Katherine Boo Takes a Look ‘Behind the Beautiful Forevers’

A conversation with Pulitzer Prize-winning reporter Katherine Boo about her new book and life in a Mumbai slum.

Katherine Boo's book 'Behind the Beautiful Forevers' is a humane and heartbreaking story about life in a Mumbai slum.
Jenny Inglee is a Los Angeles-based journalist and the Education Editor at TakePart.

In Behind the Beautiful Forevers: Life, Death, and Hope in a Mumbai Undercity, Pulitzer Prize-winning reporter Katherine Boo takes a compassionate and in-depth look at life in Annawadi, a slum hidden in the shadows of Mumbai’s bustling airport.

For nearly four years, Katherine spent her days and nights with slum dwellers whose livelihoods depend on the trash the rest of the city throws away. Among them are Manju, a young girl striving to be the slum’s first college graduate; her politically-corrupt mother, Asha; and Abdul, a twitchy, kind teenage boy who buys and sells trash to keep his family of 11 fed. Layer by layer, Katherine uncovers their hopes, fears and the stark realities of their everyday lives.

Katherine never planned on staying in Annawadi for as long as she did, but when Abdul and his father were falsely accused of dousing their neighbor Fatima with kerosene and setting her on fire, she made a point to be there and see their case through.

(Katherine Boo spent nearly 4 years in Mumbai chronicling the lives of a group of slumdwellers. Photo: Heleen Welvaart)

TakePart recently spoke with Katherine about Behind the Beautiful Forevers and getting to know the people of Annawadi.

TakePart: Why did you choose to write about this slum in Mumbai?

Katherine: The slum is in the largest and fastest growing suburb of the city, and it was a place where the economic diversity was so enormous. Like most of the city, it was going through these tremendous changes. Hotels, office buildings and condominiums were being built, and in between all the hotels and condominiums were settlements like the one in Annawadi.

TakePart: Did you know right away which people you wanted to focus on in the book?

Katherine: No, and part of what I try to do in the beginning of a project is to meet as many people as I possibly can and just follow them as they work and watch them at home. I’m not looking to follow the most exceptional person because I think ordinary people can be quite exceptional in their own way if you take time to get to know them.

TakePart: Did they open up quickly, or was it discouraging at first?
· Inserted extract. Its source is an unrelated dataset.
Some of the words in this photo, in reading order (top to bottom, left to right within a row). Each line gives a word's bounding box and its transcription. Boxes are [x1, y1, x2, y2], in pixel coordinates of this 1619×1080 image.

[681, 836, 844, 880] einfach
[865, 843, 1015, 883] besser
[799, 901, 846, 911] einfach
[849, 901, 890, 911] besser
Katherine: I felt completely discouraged at first. Just on a practical level, they weren’t used to someone like me there, and I stood out. So when I would go into someone’s hut and try to speak to them, people would gather at the door and listen and be very excited. That’s not the best way to understand people’s lives. You know it was too much commotion, but they had lives to lead, they had children to raise, and they had incredibly difficult work to do. They had their own dreams, and eventually people just got used to me.
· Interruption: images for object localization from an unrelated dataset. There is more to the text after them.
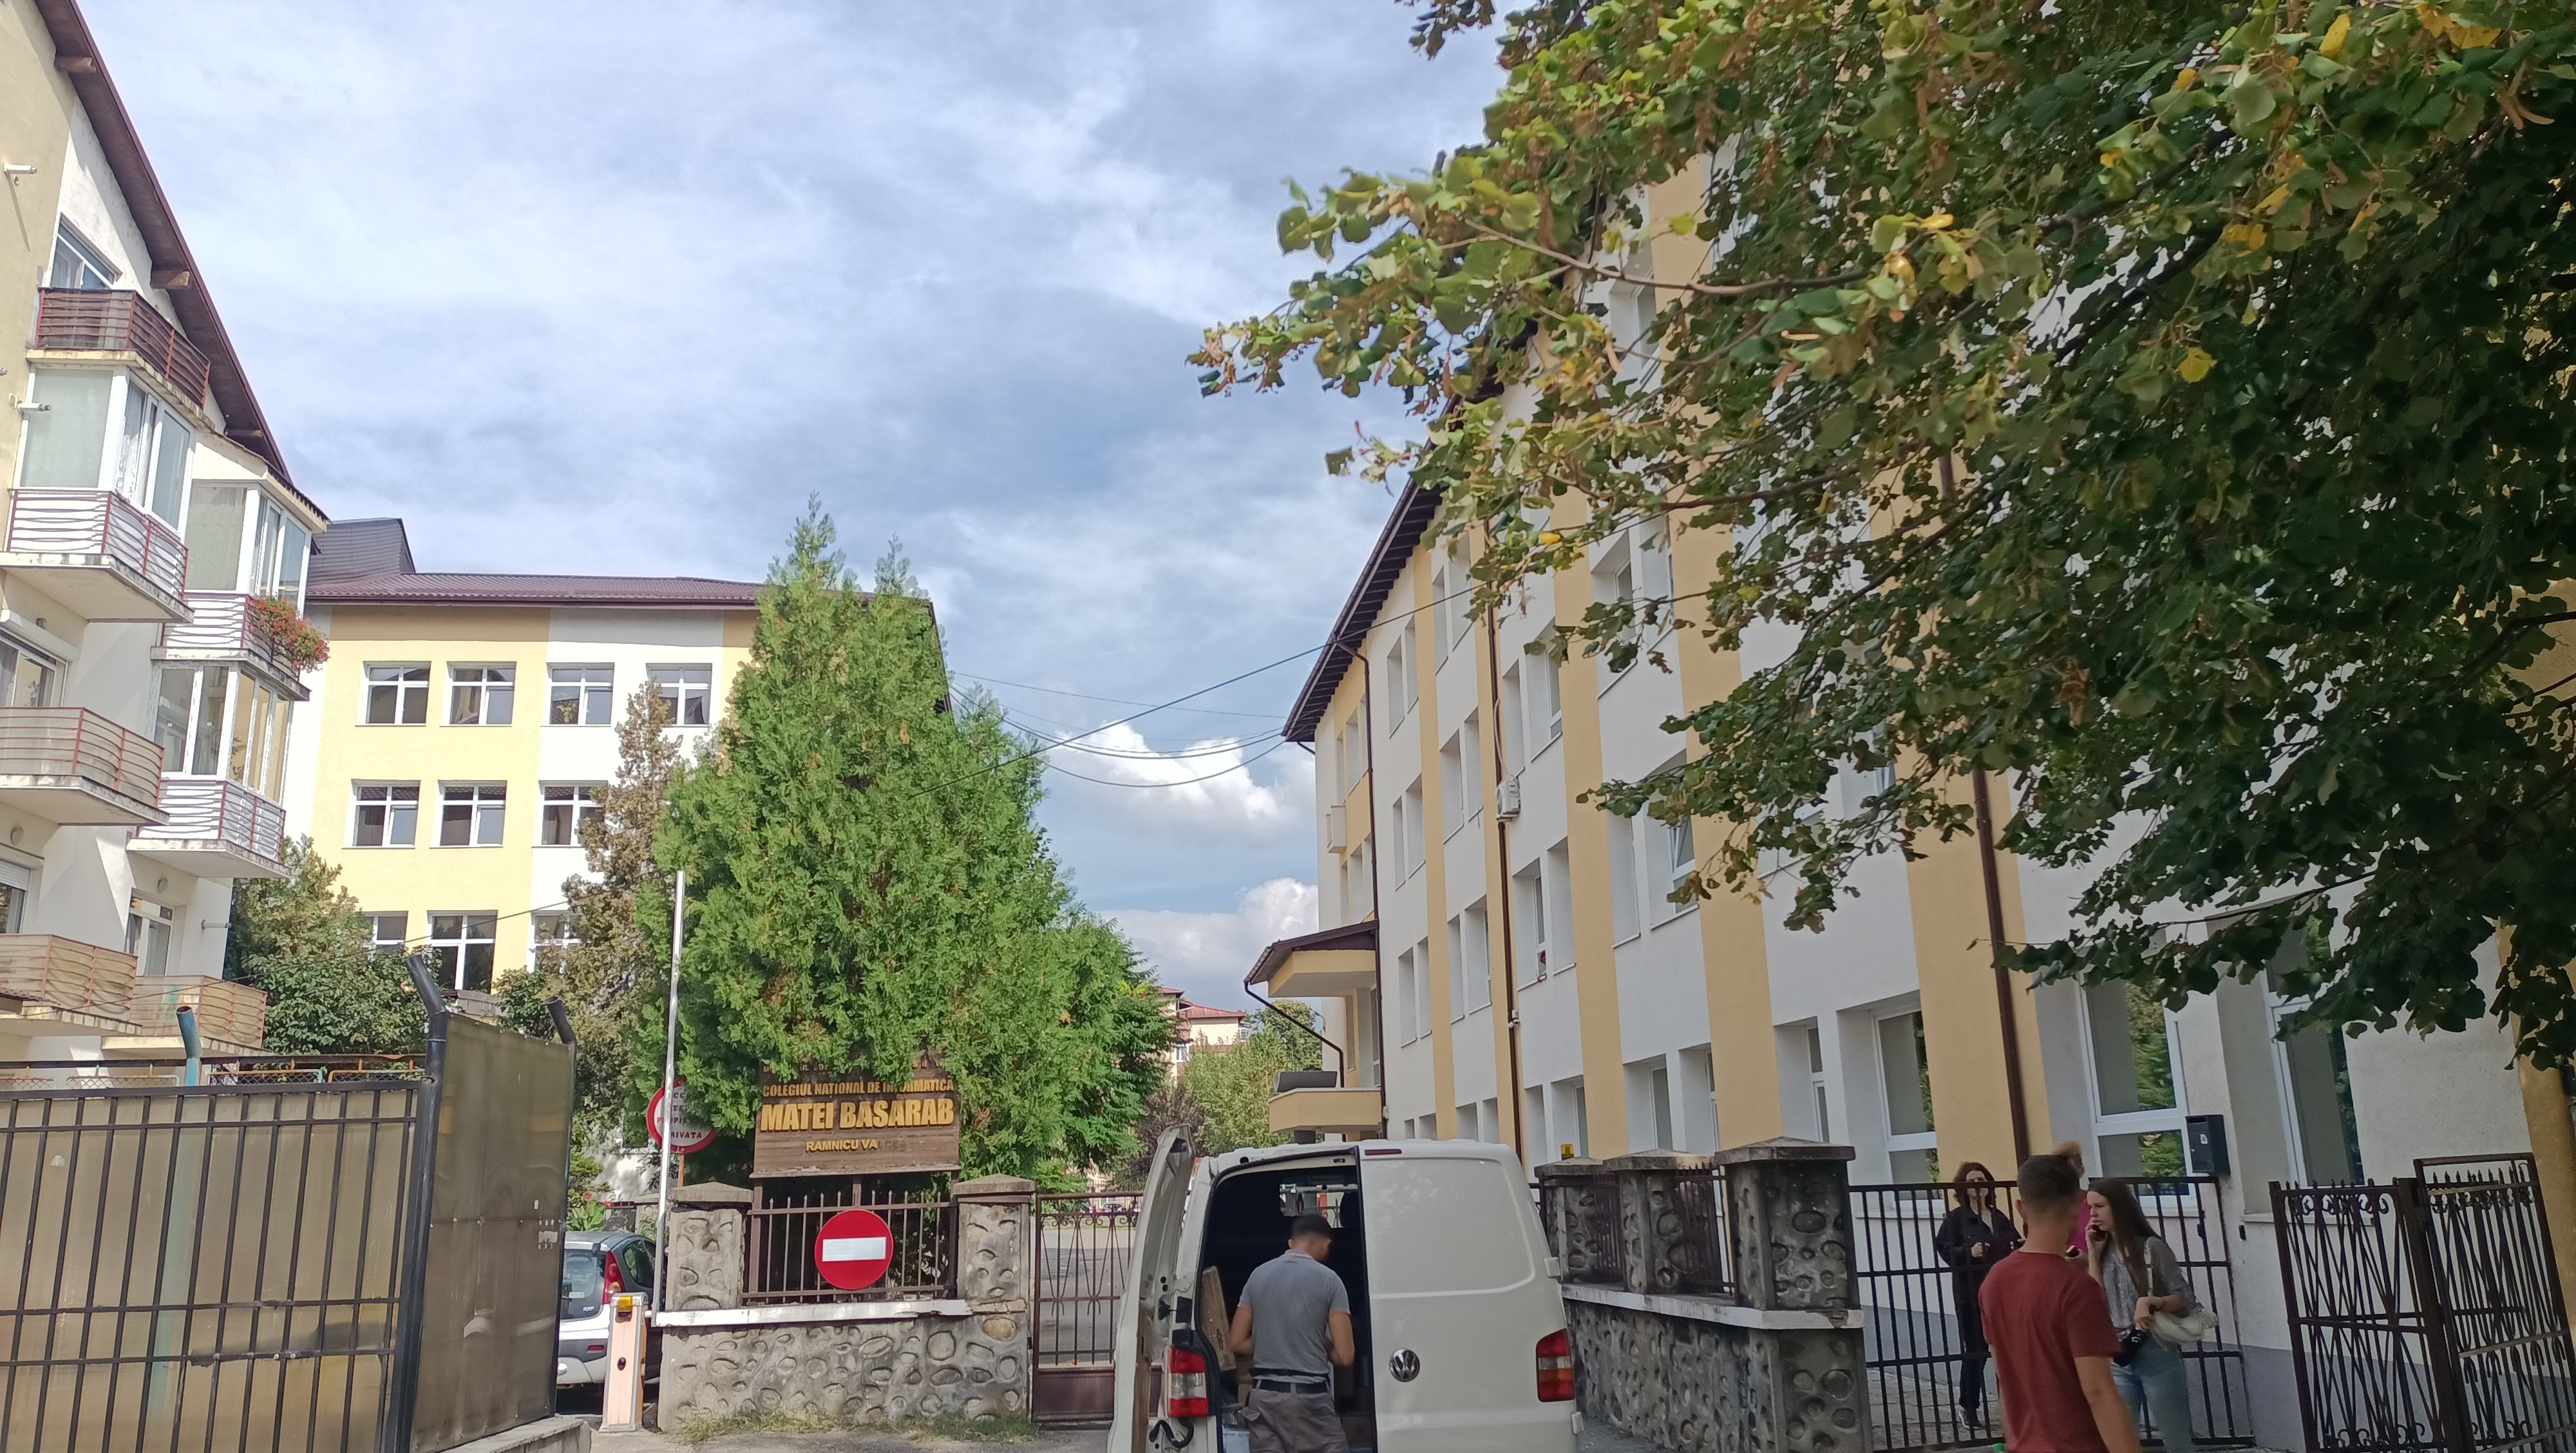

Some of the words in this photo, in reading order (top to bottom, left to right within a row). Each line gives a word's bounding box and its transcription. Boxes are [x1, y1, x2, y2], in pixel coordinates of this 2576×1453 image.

[762, 1083, 812, 1097] COLEGIUL
[867, 1081, 880, 1094] DE
[760, 1102, 834, 1131] MATEI
[839, 1097, 954, 1128] BASARAB
[806, 1139, 859, 1152] RAMNICU
TakePart: In talking with Abdul, did you feel that he hoped to one day get out of the slum and have a better life?

Katherine: I think he had great hope that his brothers and sisters would have a better life than he had. I talk about his younger brother Mirchi, who is very smart, very funny and very charming. I think he saw himself working for the opportunities of the younger children in the family... One of the first things I noticed about him was when he would stop working late at night, he would just take his little brother in his arms. He had such love for this kid. He loved the way he was brave and fearless. He was a little toddler, and he saw what this kid could be, and he was really working for that.

What motivates me is to not do the same thing that everyone else is doing.
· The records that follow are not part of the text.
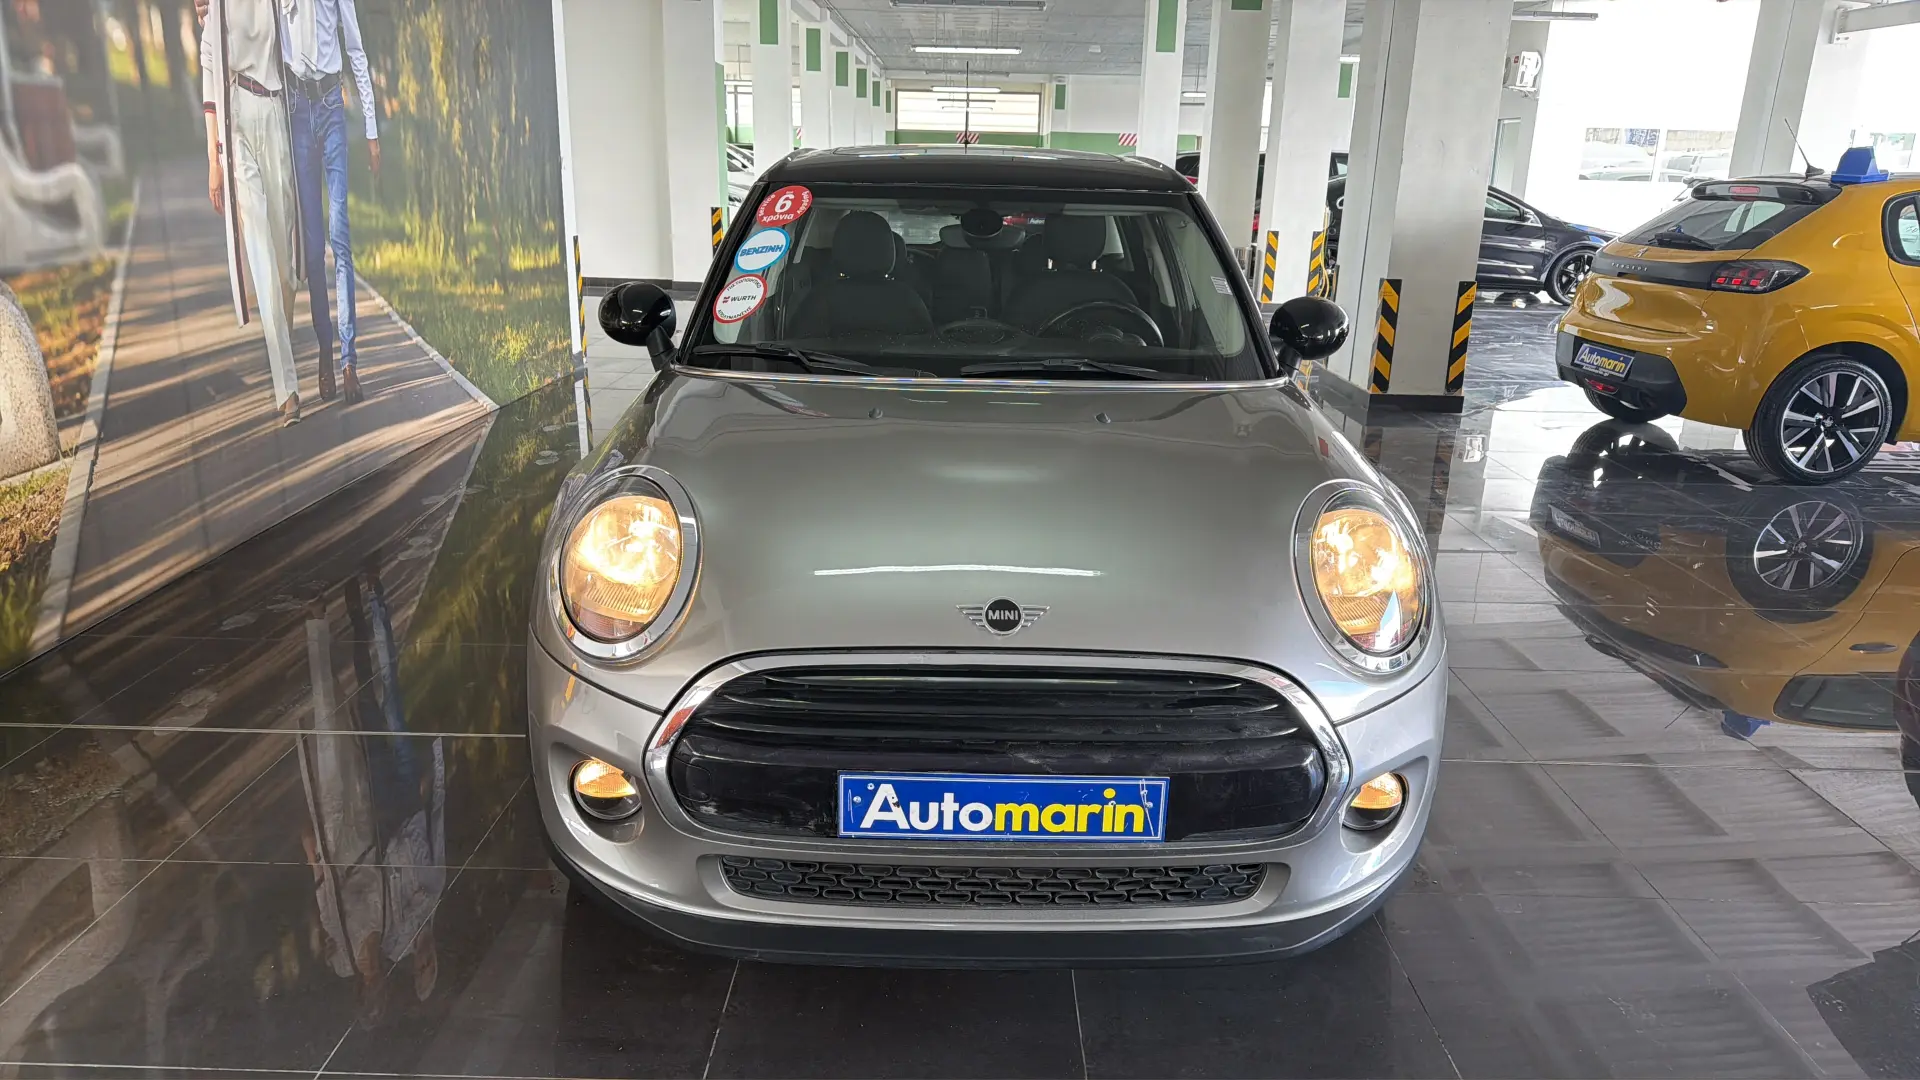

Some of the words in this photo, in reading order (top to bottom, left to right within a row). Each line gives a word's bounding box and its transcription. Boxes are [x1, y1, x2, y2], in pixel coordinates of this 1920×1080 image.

[774, 193, 795, 213] 6
[762, 212, 795, 223] χρόνια
[1579, 347, 1626, 373] Automarin
[988, 609, 1019, 620] MINI
[859, 783, 1144, 833] Automarin
TakePart: What were the most painful moments for you to witness?

Katherine: There was disease—a lot of tuberculosis, malaria and dengue fever... It was endemic, and part of what was especially painful to see was that it would just go down the slum line. People were struggling to be treated, and I would follow them to the TB hospitals. The doctors didn’t even want to get near them because they didn’t want to catch disease. There was a woman who had three children. She was dying, loved her children, and they loved her. She knew she was dying, and in the last weeks of her life, she didn’t want to risk giving them the disease that was going to kill her. Her own husband started sleeping far away. Those kinds of things were just enormously painful to witness.

TakePart: You’ve been writing about poverty much of your life. Was this something you always wanted to do, or was there a catalyst that made you want to uncover these hidden truths?

Katherine: What motivates me is to not do the same thing that everyone else is doing. What’s the point? What does that add to the way we understand the world? I was aware this was something I could do that might have some tenuous value...and I was always interested in people, but I was also interested in money and the ways in which official records show all the help and support being provided to low-income people, particularly low-income children, and how different the reality was.

TakePart: What do you hope your readers hold on to when they read the book?

Katherine: Mostly it’s about the capabilities that get squandered in a society... If you really don’t have a sense of how amazing and complicated and intelligent so many of the people who live in these communities are, and how ill-served they are, whether it’s by the education system, the public health system, or the criminal justice system, then you aren’t going to care about making sure that kids like Abdul or Adarsh or Abdul’s brother Lalu get a chance to see their talents and to win.